All lines from the one containing "this 1280×1707 image." through the final line of the material below must appear exactly as they are, with nothing else.

** EXCERPTED RECORDS **
=======

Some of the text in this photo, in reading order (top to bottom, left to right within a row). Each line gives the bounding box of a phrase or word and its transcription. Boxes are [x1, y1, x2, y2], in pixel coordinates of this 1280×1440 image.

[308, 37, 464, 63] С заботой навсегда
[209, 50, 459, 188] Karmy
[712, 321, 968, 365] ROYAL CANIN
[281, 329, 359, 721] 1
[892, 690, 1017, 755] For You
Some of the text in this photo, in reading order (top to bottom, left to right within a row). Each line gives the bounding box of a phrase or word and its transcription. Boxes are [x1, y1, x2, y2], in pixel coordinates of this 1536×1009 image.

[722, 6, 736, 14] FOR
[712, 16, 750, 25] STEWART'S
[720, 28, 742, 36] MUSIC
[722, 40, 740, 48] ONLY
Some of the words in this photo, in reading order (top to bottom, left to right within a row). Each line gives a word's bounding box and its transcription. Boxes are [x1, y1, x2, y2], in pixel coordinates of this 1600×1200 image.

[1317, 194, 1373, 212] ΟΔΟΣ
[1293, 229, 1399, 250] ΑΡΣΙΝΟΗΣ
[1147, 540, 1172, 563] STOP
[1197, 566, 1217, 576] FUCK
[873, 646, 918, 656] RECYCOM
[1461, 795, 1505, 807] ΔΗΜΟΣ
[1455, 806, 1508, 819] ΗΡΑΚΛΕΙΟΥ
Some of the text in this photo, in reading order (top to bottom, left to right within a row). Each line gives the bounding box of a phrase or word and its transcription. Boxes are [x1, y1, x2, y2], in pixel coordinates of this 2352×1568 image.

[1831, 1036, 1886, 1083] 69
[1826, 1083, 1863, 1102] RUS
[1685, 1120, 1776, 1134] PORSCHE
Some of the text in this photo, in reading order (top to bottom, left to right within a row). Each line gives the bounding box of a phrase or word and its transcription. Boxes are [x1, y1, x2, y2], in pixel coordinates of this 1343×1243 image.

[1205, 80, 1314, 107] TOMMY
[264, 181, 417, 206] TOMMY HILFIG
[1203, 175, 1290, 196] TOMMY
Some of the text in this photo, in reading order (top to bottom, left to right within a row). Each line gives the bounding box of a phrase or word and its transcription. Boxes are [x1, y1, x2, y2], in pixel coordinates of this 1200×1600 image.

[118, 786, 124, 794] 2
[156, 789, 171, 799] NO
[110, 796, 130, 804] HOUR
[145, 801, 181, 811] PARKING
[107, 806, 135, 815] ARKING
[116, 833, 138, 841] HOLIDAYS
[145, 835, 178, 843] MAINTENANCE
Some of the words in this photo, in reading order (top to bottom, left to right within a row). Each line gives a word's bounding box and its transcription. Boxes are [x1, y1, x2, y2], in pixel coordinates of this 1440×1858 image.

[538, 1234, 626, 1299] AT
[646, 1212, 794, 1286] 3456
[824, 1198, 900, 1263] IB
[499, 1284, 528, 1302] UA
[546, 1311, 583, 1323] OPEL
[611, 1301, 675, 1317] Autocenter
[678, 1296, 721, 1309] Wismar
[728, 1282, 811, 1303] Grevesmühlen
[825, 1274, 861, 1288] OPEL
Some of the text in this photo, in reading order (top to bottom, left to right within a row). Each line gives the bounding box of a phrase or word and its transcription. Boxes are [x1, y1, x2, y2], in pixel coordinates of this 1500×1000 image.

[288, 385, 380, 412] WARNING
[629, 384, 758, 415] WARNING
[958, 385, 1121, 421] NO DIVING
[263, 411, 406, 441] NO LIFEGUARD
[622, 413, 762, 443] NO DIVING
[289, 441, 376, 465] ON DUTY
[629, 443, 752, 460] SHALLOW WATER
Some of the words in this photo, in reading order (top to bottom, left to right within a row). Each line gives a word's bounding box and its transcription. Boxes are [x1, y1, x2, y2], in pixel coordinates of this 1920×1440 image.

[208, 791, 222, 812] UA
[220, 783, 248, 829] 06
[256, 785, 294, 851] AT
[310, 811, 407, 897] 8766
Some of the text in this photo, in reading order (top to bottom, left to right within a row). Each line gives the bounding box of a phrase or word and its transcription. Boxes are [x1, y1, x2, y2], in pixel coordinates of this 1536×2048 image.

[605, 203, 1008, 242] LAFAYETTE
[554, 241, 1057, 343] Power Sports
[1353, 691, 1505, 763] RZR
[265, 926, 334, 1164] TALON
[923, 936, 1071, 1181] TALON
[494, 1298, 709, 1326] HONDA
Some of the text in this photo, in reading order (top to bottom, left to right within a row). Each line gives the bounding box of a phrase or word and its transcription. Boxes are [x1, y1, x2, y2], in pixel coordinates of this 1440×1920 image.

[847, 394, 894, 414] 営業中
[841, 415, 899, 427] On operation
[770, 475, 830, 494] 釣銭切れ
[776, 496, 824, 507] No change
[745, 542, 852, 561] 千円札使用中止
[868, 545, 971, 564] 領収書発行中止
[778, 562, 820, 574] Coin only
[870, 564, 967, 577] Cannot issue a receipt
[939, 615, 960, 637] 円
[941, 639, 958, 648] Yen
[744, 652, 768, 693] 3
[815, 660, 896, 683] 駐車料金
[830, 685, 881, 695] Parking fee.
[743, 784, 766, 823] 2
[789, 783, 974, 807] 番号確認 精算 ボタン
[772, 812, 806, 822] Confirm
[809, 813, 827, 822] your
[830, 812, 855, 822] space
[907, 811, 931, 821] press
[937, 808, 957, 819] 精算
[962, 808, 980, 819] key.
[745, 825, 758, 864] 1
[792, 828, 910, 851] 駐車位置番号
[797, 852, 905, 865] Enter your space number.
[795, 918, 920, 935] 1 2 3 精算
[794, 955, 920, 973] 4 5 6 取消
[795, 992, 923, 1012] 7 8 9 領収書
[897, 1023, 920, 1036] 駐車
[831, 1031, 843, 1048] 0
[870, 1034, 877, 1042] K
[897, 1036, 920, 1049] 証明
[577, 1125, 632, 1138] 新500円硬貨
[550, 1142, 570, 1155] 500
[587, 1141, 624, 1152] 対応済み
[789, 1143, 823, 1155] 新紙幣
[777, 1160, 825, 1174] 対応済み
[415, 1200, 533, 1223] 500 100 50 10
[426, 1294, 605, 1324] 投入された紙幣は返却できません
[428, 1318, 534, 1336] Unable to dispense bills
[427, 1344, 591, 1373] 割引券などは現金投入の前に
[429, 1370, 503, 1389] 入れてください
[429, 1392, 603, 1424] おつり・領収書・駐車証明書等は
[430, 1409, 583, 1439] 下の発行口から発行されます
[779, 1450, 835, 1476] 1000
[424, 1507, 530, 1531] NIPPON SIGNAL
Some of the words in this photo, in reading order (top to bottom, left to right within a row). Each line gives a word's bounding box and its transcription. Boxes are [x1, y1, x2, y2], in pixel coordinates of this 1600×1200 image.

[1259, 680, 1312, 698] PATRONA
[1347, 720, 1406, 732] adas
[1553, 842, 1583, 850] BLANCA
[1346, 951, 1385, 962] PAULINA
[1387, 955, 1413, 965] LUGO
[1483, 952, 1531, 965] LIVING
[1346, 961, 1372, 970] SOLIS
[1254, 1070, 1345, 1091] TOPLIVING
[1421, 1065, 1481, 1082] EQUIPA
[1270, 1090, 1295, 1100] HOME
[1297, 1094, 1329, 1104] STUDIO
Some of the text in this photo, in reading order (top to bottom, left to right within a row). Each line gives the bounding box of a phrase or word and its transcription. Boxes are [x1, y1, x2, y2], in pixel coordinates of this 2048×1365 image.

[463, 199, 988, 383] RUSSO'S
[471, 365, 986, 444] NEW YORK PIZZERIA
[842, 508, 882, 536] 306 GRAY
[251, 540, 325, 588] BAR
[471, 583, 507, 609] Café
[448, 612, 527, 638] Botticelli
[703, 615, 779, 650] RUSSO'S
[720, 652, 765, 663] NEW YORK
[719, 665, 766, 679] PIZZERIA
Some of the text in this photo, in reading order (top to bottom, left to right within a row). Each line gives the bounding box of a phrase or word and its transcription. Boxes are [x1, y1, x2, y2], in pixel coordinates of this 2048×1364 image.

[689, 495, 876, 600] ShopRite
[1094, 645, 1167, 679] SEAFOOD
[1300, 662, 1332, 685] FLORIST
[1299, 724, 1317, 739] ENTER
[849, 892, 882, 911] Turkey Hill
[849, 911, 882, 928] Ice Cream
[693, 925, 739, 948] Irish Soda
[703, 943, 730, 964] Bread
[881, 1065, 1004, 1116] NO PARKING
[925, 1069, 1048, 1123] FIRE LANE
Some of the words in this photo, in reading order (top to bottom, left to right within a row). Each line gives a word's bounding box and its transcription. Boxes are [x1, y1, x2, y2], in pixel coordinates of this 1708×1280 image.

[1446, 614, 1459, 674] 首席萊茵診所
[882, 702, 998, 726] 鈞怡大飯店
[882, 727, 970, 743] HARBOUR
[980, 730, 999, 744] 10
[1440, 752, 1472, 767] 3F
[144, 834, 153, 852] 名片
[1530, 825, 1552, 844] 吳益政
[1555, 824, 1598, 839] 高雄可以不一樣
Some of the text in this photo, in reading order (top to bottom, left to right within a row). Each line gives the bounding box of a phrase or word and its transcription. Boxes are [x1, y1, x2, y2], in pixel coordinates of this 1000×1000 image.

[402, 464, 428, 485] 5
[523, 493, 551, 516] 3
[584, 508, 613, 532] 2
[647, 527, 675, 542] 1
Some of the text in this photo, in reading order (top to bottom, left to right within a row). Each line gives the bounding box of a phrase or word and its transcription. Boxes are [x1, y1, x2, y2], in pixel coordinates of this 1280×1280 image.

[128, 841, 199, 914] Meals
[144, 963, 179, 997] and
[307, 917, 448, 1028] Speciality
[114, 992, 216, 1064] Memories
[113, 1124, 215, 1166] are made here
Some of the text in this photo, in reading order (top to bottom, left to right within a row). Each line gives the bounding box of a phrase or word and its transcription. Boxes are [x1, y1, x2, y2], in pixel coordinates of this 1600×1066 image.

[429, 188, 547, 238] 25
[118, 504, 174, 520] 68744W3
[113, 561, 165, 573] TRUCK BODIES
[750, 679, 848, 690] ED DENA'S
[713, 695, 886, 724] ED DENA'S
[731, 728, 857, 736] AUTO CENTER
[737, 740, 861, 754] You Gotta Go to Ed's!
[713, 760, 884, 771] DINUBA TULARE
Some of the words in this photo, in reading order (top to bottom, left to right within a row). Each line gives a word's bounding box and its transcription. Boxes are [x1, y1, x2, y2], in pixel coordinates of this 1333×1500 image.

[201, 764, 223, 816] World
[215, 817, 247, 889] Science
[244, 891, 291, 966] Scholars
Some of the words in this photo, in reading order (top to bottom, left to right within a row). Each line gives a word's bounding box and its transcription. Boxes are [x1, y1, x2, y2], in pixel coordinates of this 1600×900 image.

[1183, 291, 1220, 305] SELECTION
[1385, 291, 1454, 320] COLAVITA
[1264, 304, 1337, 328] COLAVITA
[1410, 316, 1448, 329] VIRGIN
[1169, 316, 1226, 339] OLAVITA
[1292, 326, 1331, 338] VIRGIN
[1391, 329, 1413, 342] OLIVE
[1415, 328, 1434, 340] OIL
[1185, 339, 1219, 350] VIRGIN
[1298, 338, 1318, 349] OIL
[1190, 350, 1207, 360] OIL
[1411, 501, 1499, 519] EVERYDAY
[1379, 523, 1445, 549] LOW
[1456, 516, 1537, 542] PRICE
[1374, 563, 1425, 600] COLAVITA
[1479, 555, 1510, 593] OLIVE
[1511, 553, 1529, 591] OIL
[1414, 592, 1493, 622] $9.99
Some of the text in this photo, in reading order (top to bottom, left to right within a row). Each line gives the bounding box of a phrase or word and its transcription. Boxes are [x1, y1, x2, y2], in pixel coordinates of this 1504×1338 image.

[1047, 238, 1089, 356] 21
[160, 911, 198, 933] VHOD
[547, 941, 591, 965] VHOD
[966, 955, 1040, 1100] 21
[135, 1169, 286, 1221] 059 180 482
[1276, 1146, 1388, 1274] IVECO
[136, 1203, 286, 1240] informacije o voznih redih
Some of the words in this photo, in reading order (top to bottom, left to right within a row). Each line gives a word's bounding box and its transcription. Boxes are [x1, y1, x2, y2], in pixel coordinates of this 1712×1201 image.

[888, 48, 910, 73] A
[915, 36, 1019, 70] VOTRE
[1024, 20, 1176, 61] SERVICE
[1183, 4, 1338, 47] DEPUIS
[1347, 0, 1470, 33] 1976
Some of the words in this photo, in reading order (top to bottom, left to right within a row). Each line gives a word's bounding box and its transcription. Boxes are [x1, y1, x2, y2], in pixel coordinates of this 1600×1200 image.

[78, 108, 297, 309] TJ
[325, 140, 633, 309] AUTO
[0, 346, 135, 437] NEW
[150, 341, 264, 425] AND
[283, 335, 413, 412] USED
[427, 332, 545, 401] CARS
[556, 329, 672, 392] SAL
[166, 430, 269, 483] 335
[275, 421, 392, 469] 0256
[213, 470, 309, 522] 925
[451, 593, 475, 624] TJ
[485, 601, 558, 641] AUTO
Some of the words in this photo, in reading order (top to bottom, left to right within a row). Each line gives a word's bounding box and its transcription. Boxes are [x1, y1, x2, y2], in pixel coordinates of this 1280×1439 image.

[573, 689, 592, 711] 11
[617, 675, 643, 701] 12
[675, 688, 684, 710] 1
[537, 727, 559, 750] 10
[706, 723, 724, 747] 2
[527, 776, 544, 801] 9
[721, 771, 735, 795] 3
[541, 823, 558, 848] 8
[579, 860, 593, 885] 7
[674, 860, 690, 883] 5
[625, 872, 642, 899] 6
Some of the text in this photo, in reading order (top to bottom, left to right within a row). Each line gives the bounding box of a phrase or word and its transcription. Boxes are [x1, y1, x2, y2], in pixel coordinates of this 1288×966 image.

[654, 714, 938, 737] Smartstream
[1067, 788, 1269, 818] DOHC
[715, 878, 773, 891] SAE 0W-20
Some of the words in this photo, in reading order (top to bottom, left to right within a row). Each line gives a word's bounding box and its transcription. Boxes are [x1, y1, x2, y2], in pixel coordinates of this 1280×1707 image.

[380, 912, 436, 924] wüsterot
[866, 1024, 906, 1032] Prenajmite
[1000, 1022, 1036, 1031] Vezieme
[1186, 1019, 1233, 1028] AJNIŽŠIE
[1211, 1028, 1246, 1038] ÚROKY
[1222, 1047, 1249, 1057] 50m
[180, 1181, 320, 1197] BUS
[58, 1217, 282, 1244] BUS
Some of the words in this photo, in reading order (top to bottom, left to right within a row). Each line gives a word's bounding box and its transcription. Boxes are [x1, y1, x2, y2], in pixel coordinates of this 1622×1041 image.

=======

** RESULT BELOW **
Some of the words in this photo, in reading order (top to bottom, left to right within a row). Each line gives a word's bounding box and its transcription. Boxes are [x1, y1, x2, y2], in pixel coordinates of this 1280×1707 image.

[380, 912, 436, 924] wüsterot
[866, 1024, 906, 1032] Prenajmite
[1000, 1022, 1036, 1031] Vezieme
[1186, 1019, 1233, 1028] AJNIŽŠIE
[1211, 1028, 1246, 1038] ÚROKY
[1222, 1047, 1249, 1057] 50m
[180, 1181, 320, 1197] BUS
[58, 1217, 282, 1244] BUS
Some of the words in this photo, in reading order (top to bottom, left to right within a row). Each line gives a word's bounding box and its transcription. Boxes are [x1, y1, x2, y2], in pixel coordinates of this 1622×1041 image.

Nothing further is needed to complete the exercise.